The comparison is especially useful before age 2, when pediatric growth monitoring commonly relies on recumbent length and weight-for-length rather than BMI-for-age. A long infant and a short infant can weigh the same amount but land in different percentile ranges. That is why a careful length measurement can matter as much as the scale reading.

How common early-childhood growth measures differ
Growth measure Main question Common use
Weight-for-length Is weight proportionate to body length? Infants and young toddlers, especially before age 2.
Length-for-age Is linear growth tracking as expected for age? Short stature, rapid length gain, or growth velocity review.
Weight-for-age How does weight compare with children of the same age and sex? General growth monitoring, but it does not account for length.
BMI-for-age How does weight relative to height compare by age and sex?
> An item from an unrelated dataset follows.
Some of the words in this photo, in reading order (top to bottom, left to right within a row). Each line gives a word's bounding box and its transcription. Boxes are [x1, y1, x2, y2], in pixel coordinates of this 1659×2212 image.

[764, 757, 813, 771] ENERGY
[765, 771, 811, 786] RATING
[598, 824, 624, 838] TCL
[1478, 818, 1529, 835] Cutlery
Children and teens once standing height and BMI charts are appropriate.

Two terms prevent many misreadings. Recumbent length is measured with the child lying down, usually on an infant length board. Standing height is normally shorter than recumbent length, so a standing measurement used for an infant-style comparison needs correction. Percentile is the child's position on a reference distribution, not a percentage of healthy weight or a grade. The 50th percentile is the reference median, and a value near the 98th percentile means the weight is high relative to length on that chart.

Weight plotted against recumbent length on a curved growth reference band.
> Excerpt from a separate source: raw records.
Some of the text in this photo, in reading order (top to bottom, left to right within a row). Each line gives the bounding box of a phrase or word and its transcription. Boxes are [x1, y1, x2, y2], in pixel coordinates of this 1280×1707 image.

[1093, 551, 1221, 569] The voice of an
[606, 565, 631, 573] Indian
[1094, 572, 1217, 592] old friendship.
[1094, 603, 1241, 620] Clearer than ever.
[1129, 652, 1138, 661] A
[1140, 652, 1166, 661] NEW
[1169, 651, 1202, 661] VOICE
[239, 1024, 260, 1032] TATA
Reference choice can change the visible percentile. WHO standards describe how children grow under conditions intended to support healthy growth, while CDC charts describe a U.S. reference distribution. Transitioning from WHO charts to CDC charts around age 2 can produce a lower or higher apparent lane even when the child has not changed. Source name, measurement basis, and repeat-measurement consistency are part of the result, not administrative extras.
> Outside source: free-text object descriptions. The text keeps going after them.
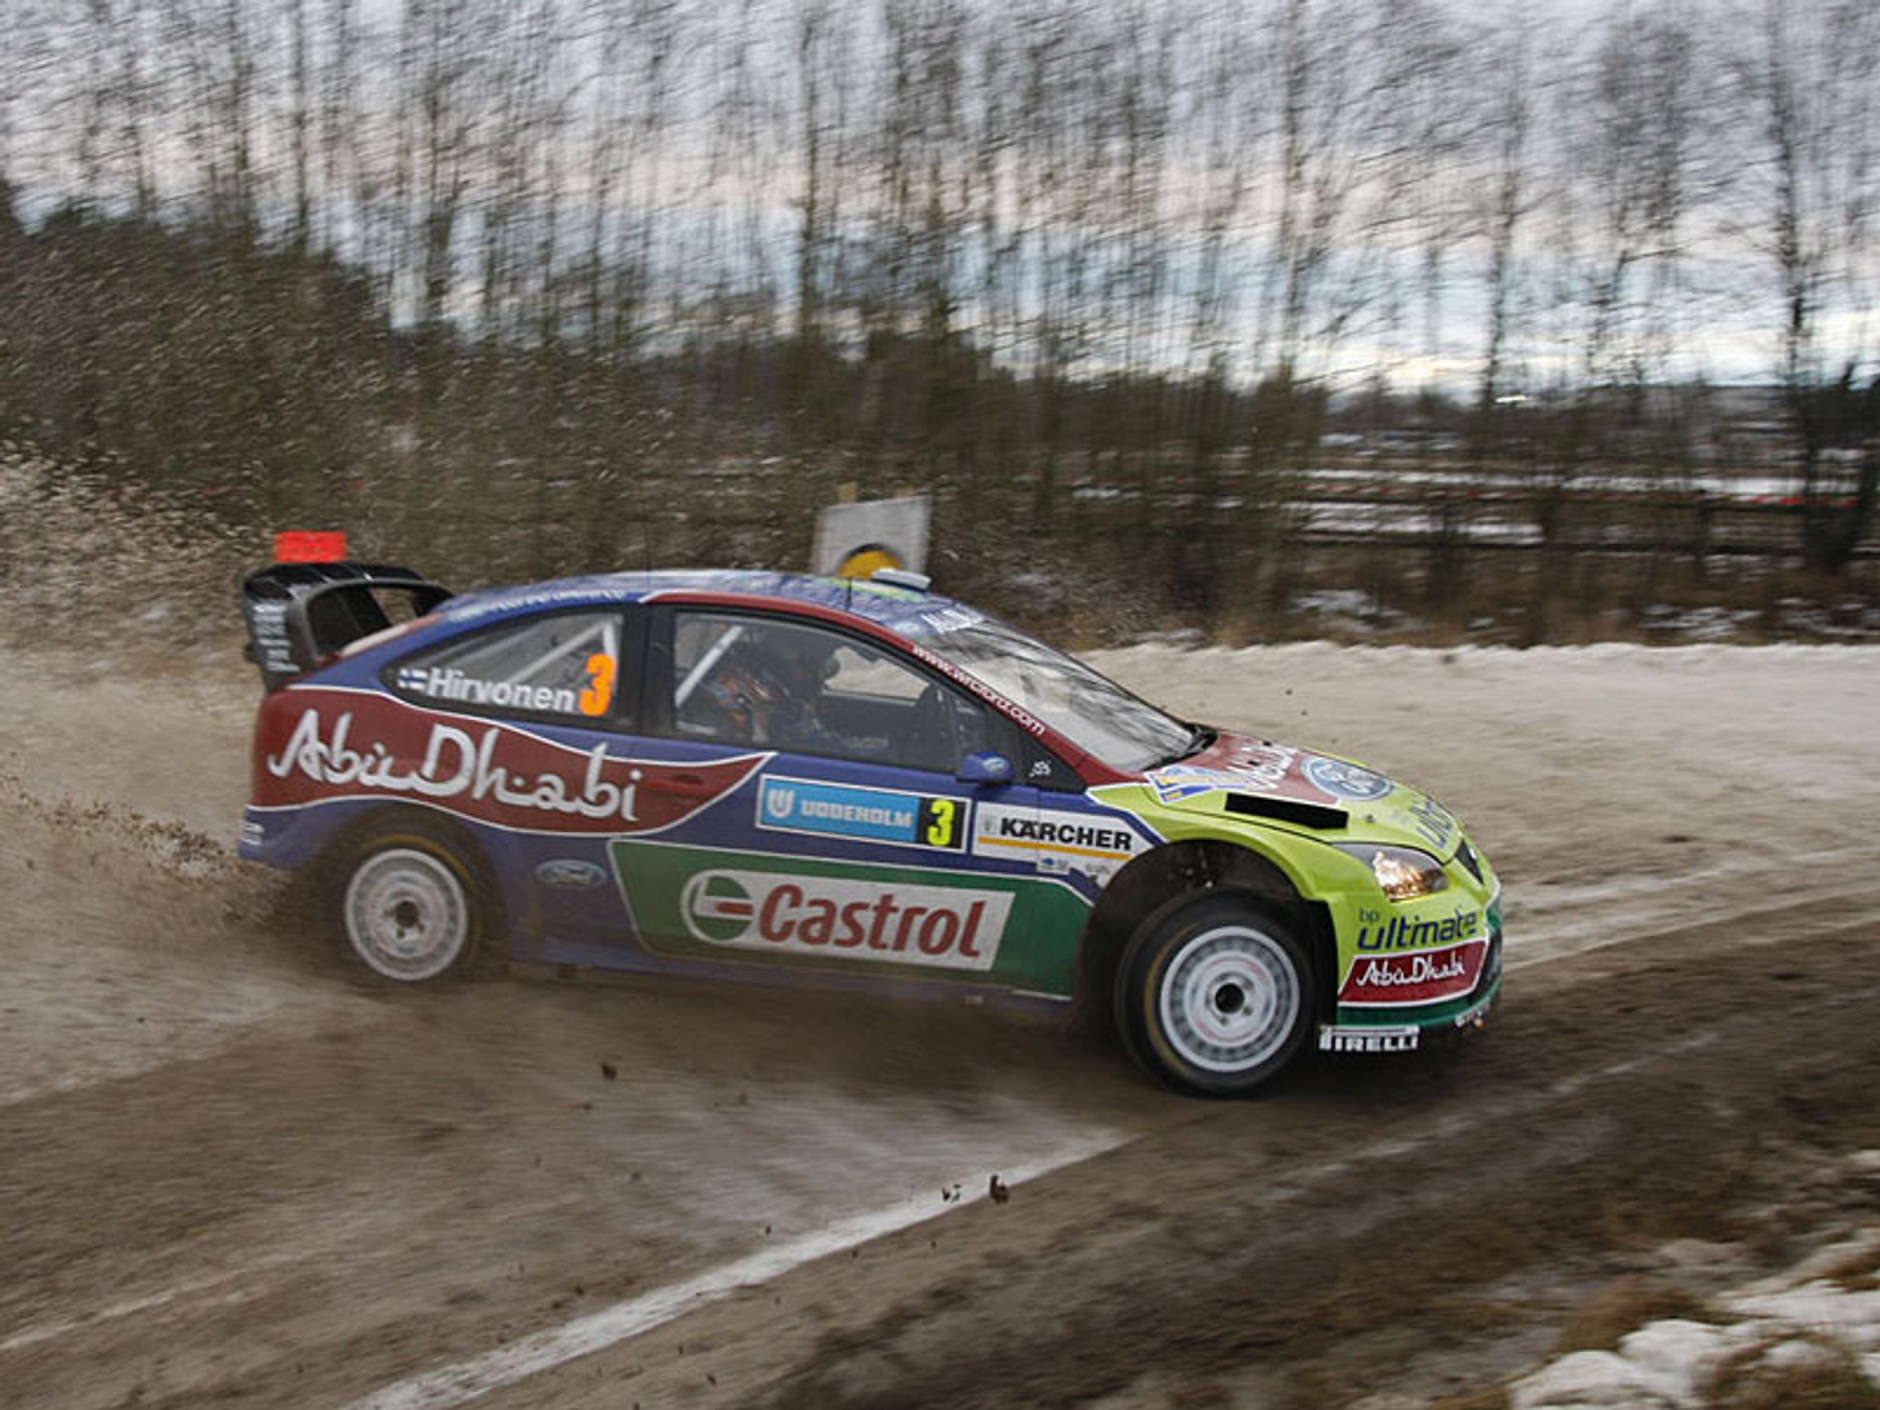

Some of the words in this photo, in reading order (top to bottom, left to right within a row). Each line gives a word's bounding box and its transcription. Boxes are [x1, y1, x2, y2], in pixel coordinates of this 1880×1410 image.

[426, 667, 577, 712] Hirvonen
[579, 653, 616, 716] 3
[268, 708, 402, 788] Abu
[402, 722, 643, 822] Dhabi
[927, 798, 955, 846] 3
[1000, 817, 1132, 850] KÄRCHER
[757, 883, 987, 958] Castrol
[1357, 905, 1478, 951] ultimate
[1358, 907, 1380, 923] bp
[1356, 959, 1408, 986] Abu
[1408, 951, 1466, 983] Dhabi
Health note: Weight-for-length percentiles are educational growth-screening information, not a diagnosis or care plan. Review concerning results with measurement quality, feeding history, symptoms, medical conditions, and a qualified health professional.

How to Use This Tool:

Enter the measured pair first, then make the measurement-basis and reference choices that decide how the pair is plotted.

  1. Choose Sex. WHO and CDC weight-for-length rows are sex-specific, so the same weight and length can map to different LMS values.
  2. Enter Body weight and choose kg or lb. Use the measured weight with clothing or diaper weight removed when that information is available.
  3. Enter Length and choose cm or in. If you are copying from a clinic note, confirm that the number and unit belong together before reading the percentile.
  4. Set Length basis. Use Recumbent length for a lying-down infant measurement, or Standing height (+0.8 cm correction) when a standing measurement must be compared as recumbent-equivalent length.
  5. Select Reference view. Compare WHO and CDC reports both sources when both cover the adjusted length; WHO only and CDC only keep the result to one source.
  6. Open Advanced when source fit or alert cutoffs matter. Age review labels whether the source window fits the child's age, while WFL alert band changes low and high screening notes without changing the percentile math.
  7. If an error appears, fix the blocked input before interpreting results. Weight and length must be positive, adjusted length must be 45 to 110 cm, Age review must be blank or 0 to 60 months, and CDC-only mode stops above 103.5 cm.
  8. Read WFL Snapshot first, then check Lane Targets, Action Notes, Source Fit, and WFL Curve Map when the source, alert edge, or visual curve position matters for a note or export.

Interpreting Results:

The primary percentile says where the entered weight falls for the selected length, sex, and reference source. A result inside the configured alert band is a relative-weight clue, not proof that feeding, nutrition, or health status is normal. A result outside the band should first prompt a measurement check, then a broader review of growth history and symptoms.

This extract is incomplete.